§ **THE TASK**: Copy the entries word for word. Keep the pictures out.

§ **EXTRACTED ENTRIES**:
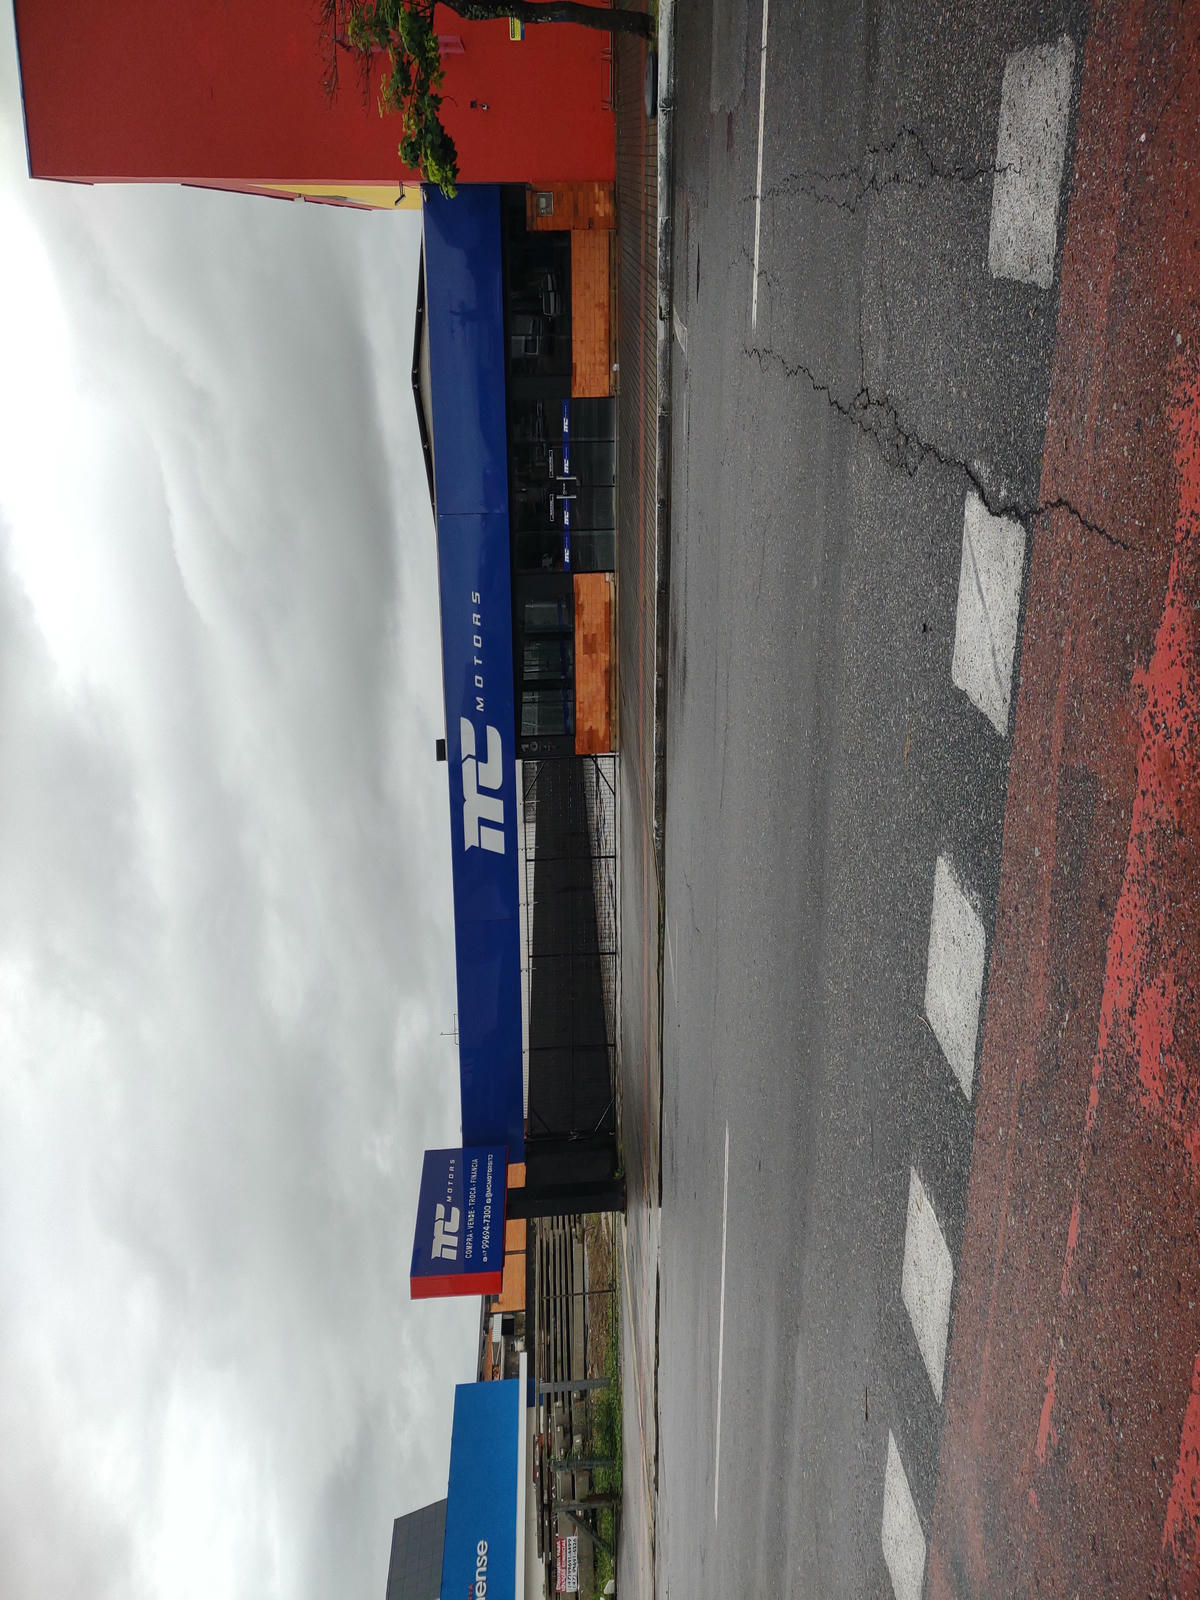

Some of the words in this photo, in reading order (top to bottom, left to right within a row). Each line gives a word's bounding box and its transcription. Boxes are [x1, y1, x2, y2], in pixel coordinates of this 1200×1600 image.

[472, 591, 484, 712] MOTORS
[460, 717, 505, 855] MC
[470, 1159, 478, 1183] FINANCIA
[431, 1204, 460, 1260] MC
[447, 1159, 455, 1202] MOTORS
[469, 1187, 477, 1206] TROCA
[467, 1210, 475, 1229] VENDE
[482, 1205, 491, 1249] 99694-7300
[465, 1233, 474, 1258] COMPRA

§ **TASK ANSWER**:
Some of the words in this photo, in reading order (top to bottom, left to right within a row). Each line gives a word's bounding box and its transcription. Boxes are [x1, y1, x2, y2], in pixel coordinates of this 1200×1600 image.

[472, 591, 484, 712] MOTORS
[460, 717, 505, 855] MC
[470, 1159, 478, 1183] FINANCIA
[431, 1204, 460, 1260] MC
[447, 1159, 455, 1202] MOTORS
[469, 1187, 477, 1206] TROCA
[467, 1210, 475, 1229] VENDE
[482, 1205, 491, 1249] 99694-7300
[465, 1233, 474, 1258] COMPRA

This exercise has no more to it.